* _Required action_:
Apart from the pictures, every line below needs to be reproduced verbatim.

* _Data to use_:
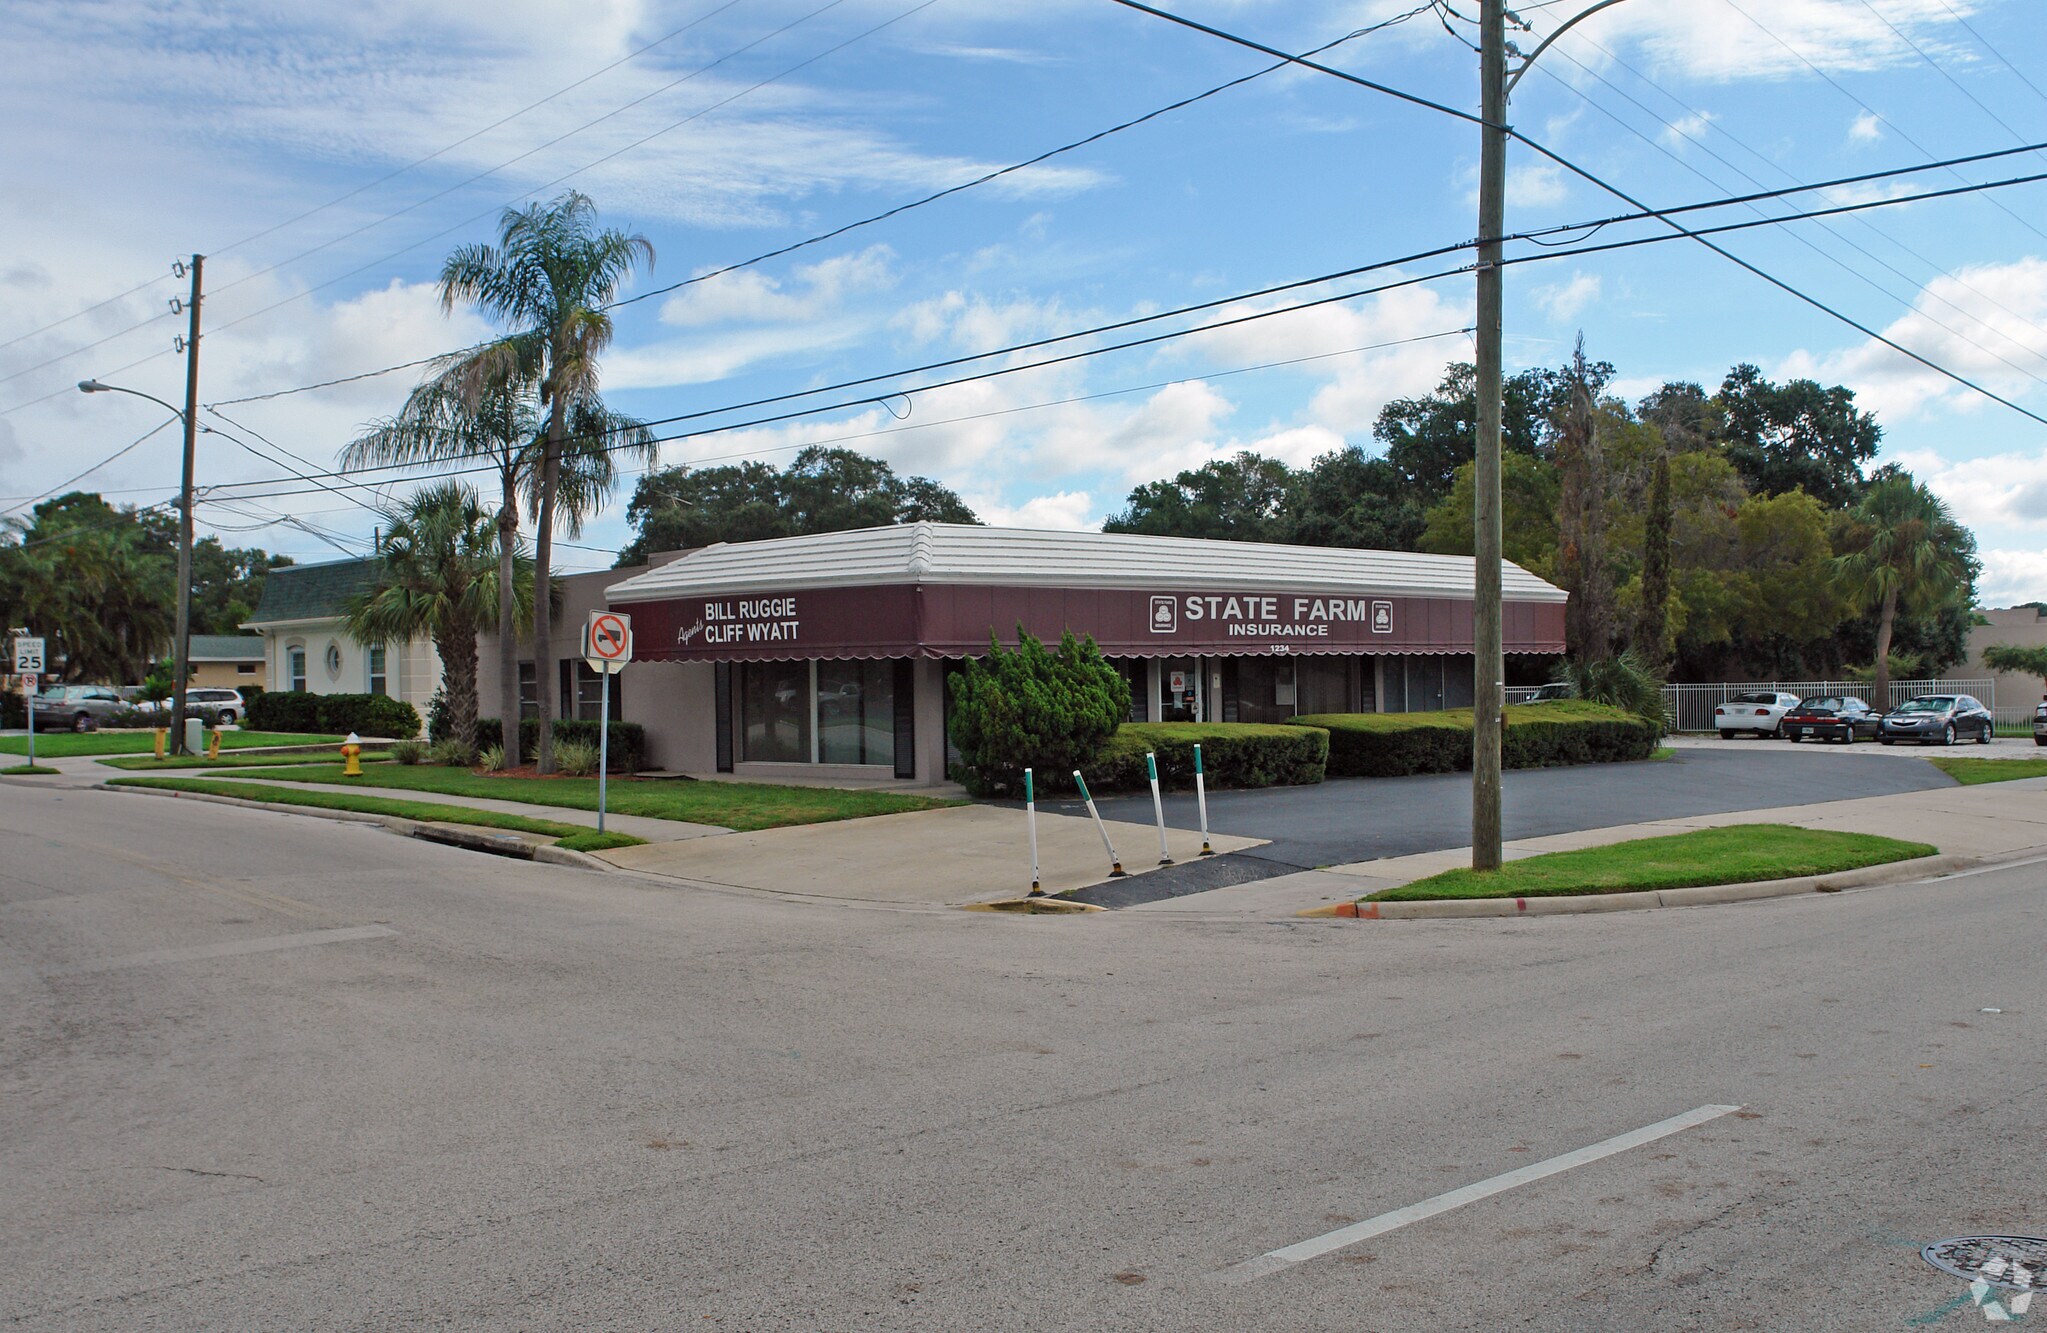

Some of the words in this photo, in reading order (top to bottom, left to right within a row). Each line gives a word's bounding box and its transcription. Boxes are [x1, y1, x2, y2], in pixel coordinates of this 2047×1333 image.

[705, 602, 736, 621] BILL
[739, 597, 797, 619] RUGGIE
[1185, 596, 1278, 620] STATE
[1294, 598, 1366, 622] FARM
[677, 617, 704, 645] Agents
[705, 624, 743, 643] CLIFF
[747, 621, 799, 641] WYATT
[1229, 623, 1328, 636] INSURANCE
[1270, 644, 1290, 652] 1234
[18, 656, 41, 669] 25
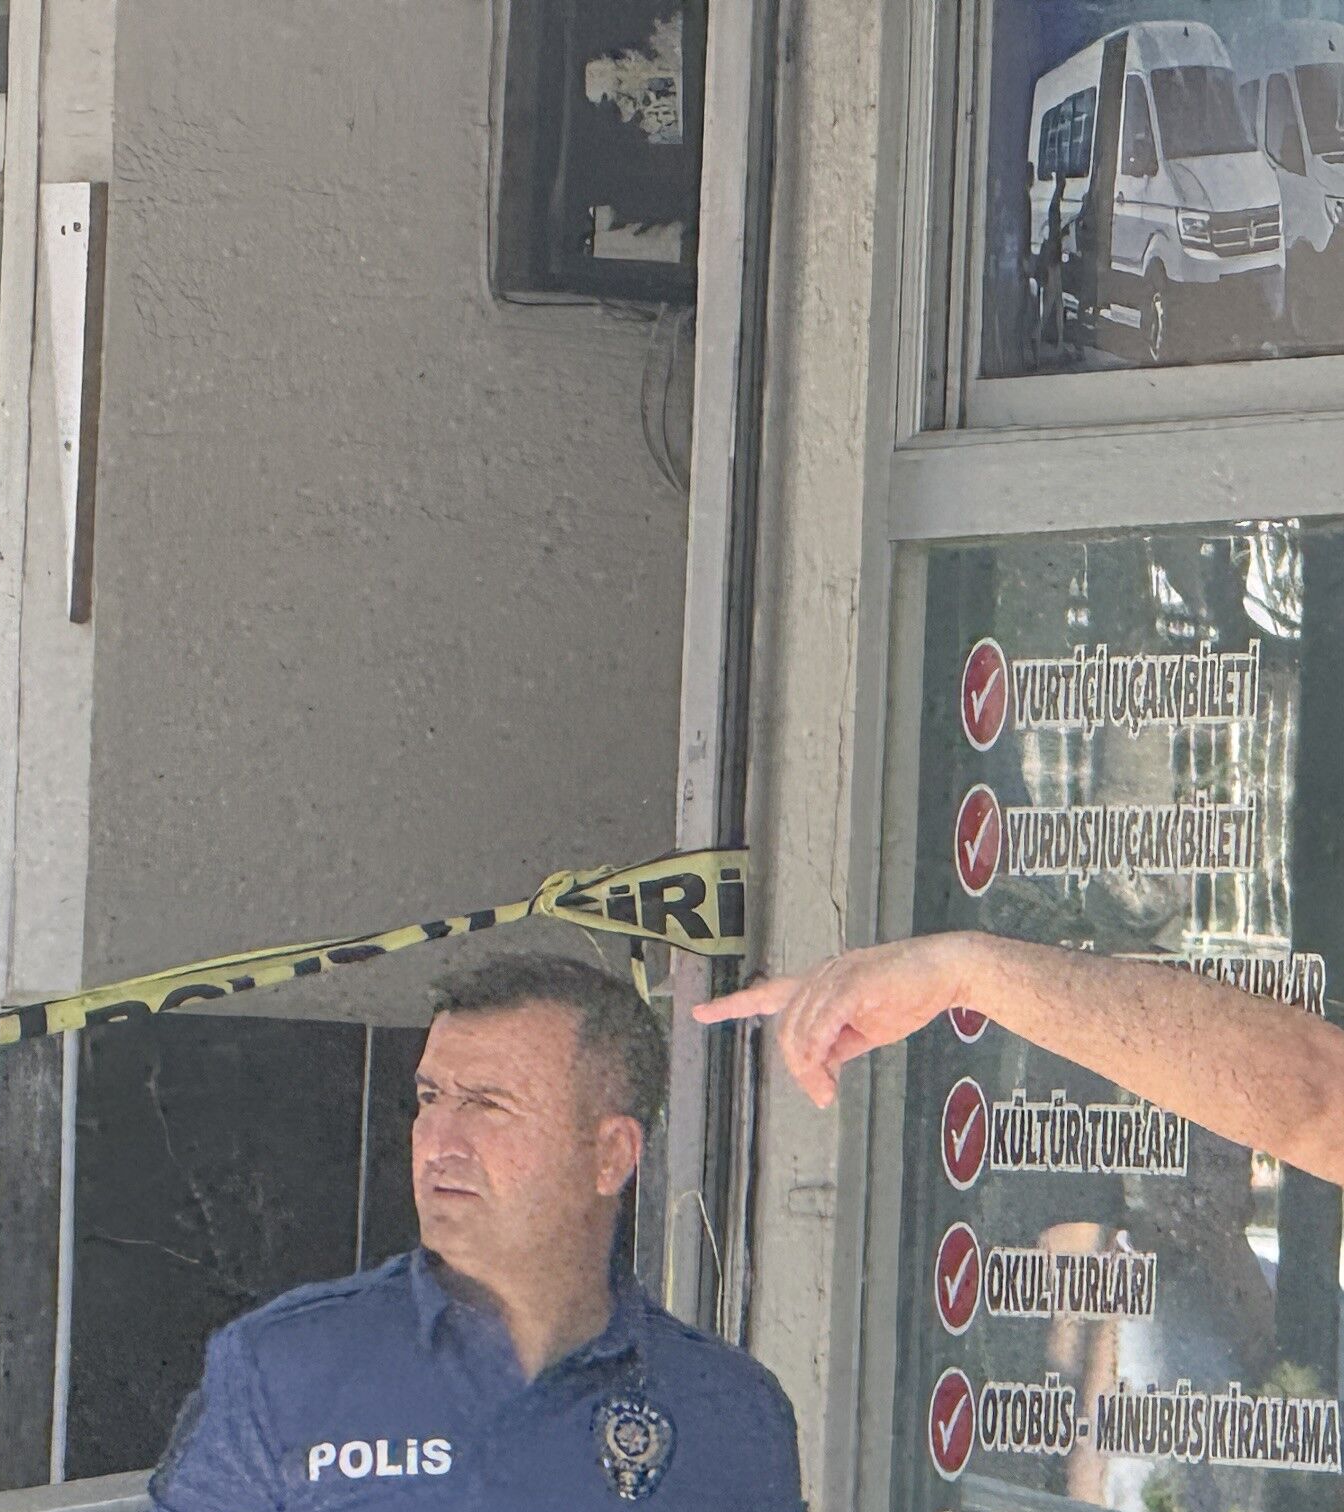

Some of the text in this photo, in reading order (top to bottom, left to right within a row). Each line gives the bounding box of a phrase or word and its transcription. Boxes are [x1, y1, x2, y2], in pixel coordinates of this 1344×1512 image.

[1109, 652, 1182, 739] UÇAK
[1105, 803, 1178, 884] UÇAK
[990, 1088, 1189, 1177] KÜLTÜR TURLARI
[985, 1246, 1157, 1320] OKUL TURLARI
[979, 1372, 1076, 1456] OTOBÜS
[1207, 1381, 1343, 1474] KİRALAMA

* _Exercise response_:
Some of the words in this photo, in reading order (top to bottom, left to right within a row). Each line gives a word's bounding box and its transcription. Boxes are [x1, y1, x2, y2], in pixel coordinates of this 2047×1333 image.

[705, 602, 736, 621] BILL
[739, 597, 797, 619] RUGGIE
[1185, 596, 1278, 620] STATE
[1294, 598, 1366, 622] FARM
[677, 617, 704, 645] Agents
[705, 624, 743, 643] CLIFF
[747, 621, 799, 641] WYATT
[1229, 623, 1328, 636] INSURANCE
[1270, 644, 1290, 652] 1234
[18, 656, 41, 669] 25

Some of the text in this photo, in reading order (top to bottom, left to right within a row). Each line gives the bounding box of a phrase or word and its transcription. Boxes are [x1, y1, x2, y2], in pixel coordinates of this 1344×1512 image.

[1109, 652, 1182, 739] UÇAK
[1105, 803, 1178, 884] UÇAK
[990, 1088, 1189, 1177] KÜLTÜR TURLARI
[985, 1246, 1157, 1320] OKUL TURLARI
[979, 1372, 1076, 1456] OTOBÜS
[1207, 1381, 1343, 1474] KİRALAMA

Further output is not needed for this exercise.